### What you will do
Exact repetition, please: start with the line where "this 1440×1920 image." appears and stop after the final line of the records.

### Entries supplied
---

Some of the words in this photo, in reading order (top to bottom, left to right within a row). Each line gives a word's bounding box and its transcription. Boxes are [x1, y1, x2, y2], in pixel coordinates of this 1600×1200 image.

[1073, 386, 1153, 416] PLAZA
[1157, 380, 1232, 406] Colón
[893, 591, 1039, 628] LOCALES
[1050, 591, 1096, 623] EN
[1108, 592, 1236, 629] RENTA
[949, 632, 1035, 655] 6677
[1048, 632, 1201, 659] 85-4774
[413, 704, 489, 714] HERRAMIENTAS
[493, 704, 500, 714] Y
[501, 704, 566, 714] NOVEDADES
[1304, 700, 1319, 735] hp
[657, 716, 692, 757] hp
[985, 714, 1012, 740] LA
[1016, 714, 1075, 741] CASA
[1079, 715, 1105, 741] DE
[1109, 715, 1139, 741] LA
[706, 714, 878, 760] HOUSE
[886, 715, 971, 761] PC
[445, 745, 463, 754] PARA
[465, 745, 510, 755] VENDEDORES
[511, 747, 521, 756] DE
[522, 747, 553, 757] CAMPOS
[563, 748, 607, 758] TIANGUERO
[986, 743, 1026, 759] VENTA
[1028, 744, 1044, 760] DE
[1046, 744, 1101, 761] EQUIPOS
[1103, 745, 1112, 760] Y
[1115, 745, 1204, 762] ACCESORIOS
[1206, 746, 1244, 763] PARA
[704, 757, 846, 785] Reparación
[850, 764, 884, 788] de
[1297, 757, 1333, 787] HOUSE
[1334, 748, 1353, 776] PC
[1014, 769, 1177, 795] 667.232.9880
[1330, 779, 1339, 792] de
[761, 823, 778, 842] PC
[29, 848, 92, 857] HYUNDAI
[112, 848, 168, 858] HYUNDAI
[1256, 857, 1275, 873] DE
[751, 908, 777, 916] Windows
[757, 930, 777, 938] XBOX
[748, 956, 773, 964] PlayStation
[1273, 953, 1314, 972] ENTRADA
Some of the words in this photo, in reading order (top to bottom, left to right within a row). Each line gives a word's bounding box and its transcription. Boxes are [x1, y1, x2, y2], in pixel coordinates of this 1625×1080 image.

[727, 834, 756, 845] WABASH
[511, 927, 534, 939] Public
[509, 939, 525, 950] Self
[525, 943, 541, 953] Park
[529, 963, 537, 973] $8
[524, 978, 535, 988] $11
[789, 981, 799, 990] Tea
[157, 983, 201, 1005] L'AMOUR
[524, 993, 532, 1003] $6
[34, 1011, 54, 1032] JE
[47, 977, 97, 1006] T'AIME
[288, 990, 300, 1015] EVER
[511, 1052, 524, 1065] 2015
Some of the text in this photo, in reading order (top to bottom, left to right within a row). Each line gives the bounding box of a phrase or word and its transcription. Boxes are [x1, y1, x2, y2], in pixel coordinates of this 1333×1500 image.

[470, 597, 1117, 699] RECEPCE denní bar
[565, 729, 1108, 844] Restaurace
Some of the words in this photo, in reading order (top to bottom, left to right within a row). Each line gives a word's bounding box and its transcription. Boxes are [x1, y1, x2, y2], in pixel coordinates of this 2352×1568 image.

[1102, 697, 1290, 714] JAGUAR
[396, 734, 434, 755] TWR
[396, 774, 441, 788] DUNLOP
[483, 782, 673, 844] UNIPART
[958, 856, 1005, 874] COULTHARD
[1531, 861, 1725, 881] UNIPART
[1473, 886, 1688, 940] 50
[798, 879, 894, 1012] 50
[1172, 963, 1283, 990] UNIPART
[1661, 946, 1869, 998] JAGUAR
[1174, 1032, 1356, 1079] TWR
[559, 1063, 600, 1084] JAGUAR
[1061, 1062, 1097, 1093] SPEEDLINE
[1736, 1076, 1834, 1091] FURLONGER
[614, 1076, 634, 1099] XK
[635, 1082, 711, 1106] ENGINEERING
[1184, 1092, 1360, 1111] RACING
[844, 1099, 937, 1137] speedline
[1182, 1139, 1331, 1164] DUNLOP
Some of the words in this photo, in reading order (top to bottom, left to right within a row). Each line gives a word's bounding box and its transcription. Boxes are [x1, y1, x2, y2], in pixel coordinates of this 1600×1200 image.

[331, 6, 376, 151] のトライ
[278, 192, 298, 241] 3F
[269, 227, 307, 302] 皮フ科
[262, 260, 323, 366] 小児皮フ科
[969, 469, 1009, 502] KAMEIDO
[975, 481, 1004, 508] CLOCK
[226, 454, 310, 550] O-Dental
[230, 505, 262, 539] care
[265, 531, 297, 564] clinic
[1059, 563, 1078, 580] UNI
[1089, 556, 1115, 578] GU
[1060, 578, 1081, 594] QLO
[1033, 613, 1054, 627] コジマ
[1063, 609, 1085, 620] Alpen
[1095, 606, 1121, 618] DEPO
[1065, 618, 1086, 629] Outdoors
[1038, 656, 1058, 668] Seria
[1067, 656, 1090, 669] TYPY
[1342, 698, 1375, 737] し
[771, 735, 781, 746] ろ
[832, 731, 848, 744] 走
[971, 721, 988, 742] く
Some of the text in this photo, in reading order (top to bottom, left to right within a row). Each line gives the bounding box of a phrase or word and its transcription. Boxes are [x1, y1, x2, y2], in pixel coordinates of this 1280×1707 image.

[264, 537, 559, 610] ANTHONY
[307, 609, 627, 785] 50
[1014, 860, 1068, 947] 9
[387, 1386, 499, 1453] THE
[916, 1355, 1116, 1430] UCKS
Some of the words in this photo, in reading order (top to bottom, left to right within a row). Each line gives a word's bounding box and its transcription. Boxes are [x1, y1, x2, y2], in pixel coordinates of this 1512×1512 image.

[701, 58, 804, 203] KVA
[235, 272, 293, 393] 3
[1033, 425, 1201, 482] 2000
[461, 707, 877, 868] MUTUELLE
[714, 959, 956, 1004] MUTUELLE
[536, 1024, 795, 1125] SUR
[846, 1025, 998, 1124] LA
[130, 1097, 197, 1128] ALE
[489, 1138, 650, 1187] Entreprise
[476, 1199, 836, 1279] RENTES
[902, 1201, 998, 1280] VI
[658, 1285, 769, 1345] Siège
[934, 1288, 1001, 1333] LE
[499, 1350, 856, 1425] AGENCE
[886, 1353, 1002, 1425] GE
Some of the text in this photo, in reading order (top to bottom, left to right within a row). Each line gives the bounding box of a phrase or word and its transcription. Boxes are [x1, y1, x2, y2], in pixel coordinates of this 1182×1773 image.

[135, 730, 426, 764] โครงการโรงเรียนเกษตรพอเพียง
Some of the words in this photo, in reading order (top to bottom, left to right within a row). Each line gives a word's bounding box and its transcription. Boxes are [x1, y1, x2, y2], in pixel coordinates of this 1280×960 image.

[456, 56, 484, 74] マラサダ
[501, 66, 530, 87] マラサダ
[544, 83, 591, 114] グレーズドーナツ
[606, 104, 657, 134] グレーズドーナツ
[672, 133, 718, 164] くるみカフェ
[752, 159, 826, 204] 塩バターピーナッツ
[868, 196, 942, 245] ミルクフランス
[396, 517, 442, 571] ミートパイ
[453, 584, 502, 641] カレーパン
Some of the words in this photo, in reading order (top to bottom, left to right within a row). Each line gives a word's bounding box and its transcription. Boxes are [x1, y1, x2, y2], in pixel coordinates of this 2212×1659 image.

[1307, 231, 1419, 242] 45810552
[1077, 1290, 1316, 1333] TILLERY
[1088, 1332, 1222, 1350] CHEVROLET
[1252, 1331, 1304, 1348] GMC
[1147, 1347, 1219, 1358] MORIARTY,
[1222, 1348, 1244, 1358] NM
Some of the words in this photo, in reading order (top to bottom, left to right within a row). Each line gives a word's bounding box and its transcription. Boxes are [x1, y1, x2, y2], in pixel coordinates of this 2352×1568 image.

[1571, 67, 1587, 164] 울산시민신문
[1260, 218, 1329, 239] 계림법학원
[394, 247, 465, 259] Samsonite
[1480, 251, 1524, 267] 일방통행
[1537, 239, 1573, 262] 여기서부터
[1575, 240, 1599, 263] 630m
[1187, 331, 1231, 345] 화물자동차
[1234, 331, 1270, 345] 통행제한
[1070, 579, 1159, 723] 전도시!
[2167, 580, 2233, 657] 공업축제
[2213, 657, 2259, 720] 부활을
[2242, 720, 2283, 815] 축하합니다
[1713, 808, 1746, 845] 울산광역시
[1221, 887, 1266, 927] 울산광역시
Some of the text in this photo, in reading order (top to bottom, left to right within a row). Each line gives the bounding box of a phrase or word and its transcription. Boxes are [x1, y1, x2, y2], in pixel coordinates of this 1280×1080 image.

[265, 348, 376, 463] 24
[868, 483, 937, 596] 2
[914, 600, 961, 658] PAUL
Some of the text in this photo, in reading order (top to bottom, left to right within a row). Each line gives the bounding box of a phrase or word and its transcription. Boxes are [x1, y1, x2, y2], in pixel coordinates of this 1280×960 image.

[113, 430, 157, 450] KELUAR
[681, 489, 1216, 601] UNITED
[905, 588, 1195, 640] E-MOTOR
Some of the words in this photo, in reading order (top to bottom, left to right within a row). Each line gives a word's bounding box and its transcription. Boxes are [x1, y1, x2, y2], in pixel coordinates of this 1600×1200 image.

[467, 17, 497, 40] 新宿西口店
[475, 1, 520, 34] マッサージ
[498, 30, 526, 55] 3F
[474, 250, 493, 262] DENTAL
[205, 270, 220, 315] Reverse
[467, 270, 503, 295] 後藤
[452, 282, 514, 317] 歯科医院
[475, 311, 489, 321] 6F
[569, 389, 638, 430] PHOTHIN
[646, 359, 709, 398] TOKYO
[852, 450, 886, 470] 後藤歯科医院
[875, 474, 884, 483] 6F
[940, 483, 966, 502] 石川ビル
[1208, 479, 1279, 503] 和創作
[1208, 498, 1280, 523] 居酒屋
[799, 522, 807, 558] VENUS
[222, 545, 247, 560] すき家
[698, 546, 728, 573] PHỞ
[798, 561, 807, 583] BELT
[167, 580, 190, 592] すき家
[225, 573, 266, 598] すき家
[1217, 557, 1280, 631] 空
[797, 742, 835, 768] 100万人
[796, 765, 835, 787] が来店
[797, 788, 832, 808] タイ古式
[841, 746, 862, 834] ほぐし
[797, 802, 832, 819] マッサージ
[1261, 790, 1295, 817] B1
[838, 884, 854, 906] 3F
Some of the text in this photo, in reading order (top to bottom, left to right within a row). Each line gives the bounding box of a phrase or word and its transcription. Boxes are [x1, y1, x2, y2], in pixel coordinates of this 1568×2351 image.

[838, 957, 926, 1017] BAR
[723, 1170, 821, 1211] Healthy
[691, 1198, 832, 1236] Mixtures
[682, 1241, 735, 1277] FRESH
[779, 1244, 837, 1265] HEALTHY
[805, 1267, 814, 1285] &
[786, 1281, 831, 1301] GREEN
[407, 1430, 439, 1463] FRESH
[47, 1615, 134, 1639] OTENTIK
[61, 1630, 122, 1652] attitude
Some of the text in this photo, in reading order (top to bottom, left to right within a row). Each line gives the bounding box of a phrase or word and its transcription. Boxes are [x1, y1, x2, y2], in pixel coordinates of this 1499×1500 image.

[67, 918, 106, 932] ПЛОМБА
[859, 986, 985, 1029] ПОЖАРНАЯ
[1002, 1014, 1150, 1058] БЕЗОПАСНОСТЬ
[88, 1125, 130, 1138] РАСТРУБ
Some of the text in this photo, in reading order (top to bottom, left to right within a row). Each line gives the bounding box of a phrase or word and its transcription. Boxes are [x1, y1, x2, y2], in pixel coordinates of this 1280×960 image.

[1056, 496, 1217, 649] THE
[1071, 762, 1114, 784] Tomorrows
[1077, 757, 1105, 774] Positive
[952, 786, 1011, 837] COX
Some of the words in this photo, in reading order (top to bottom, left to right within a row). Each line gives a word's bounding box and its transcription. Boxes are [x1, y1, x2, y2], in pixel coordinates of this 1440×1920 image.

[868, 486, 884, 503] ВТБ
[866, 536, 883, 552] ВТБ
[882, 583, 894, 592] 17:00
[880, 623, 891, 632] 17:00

---

### Response
Some of the words in this photo, in reading order (top to bottom, left to right within a row). Each line gives a word's bounding box and its transcription. Boxes are [x1, y1, x2, y2], in pixel coordinates of this 1440×1920 image.

[868, 486, 884, 503] ВТБ
[866, 536, 883, 552] ВТБ
[882, 583, 894, 592] 17:00
[880, 623, 891, 632] 17:00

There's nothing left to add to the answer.